(TASK TO COMPLETE) Could you repeat every entry below word for word, leaving out the pictures?

(EXERCISE DATA)
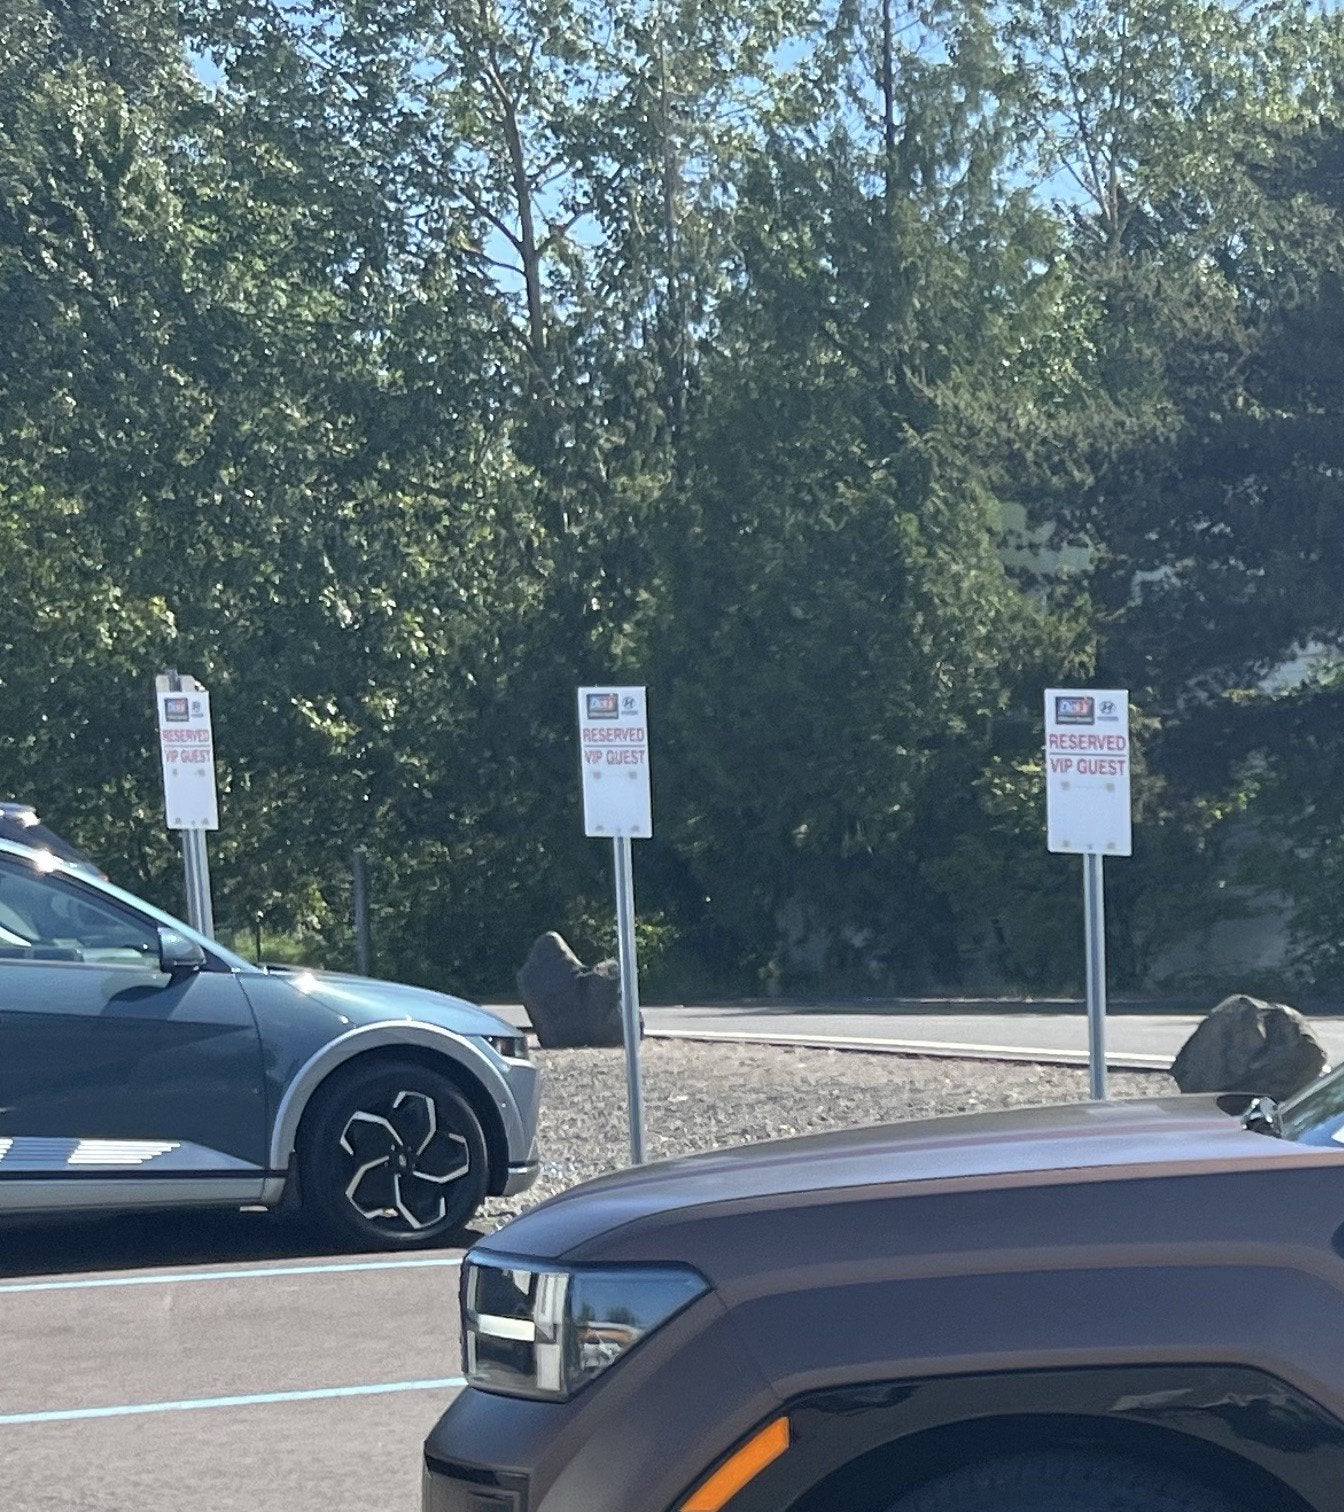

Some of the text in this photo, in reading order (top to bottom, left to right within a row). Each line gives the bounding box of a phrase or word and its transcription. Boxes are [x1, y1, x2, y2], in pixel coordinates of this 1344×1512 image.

[163, 729, 209, 742] RESERVED
[583, 727, 645, 742] RESERVED
[1049, 733, 1126, 751] RESERVED
[166, 750, 211, 763] VIP GUEST
[584, 750, 645, 765] VIP GUEST
[1050, 758, 1126, 775] VIP GUEST

(COMPLETED TASK)
Some of the text in this photo, in reading order (top to bottom, left to right within a row). Each line gives the bounding box of a phrase or word and its transcription. Boxes are [x1, y1, x2, y2], in pixel coordinates of this 1344×1512 image.

[163, 729, 209, 742] RESERVED
[583, 727, 645, 742] RESERVED
[1049, 733, 1126, 751] RESERVED
[166, 750, 211, 763] VIP GUEST
[584, 750, 645, 765] VIP GUEST
[1050, 758, 1126, 775] VIP GUEST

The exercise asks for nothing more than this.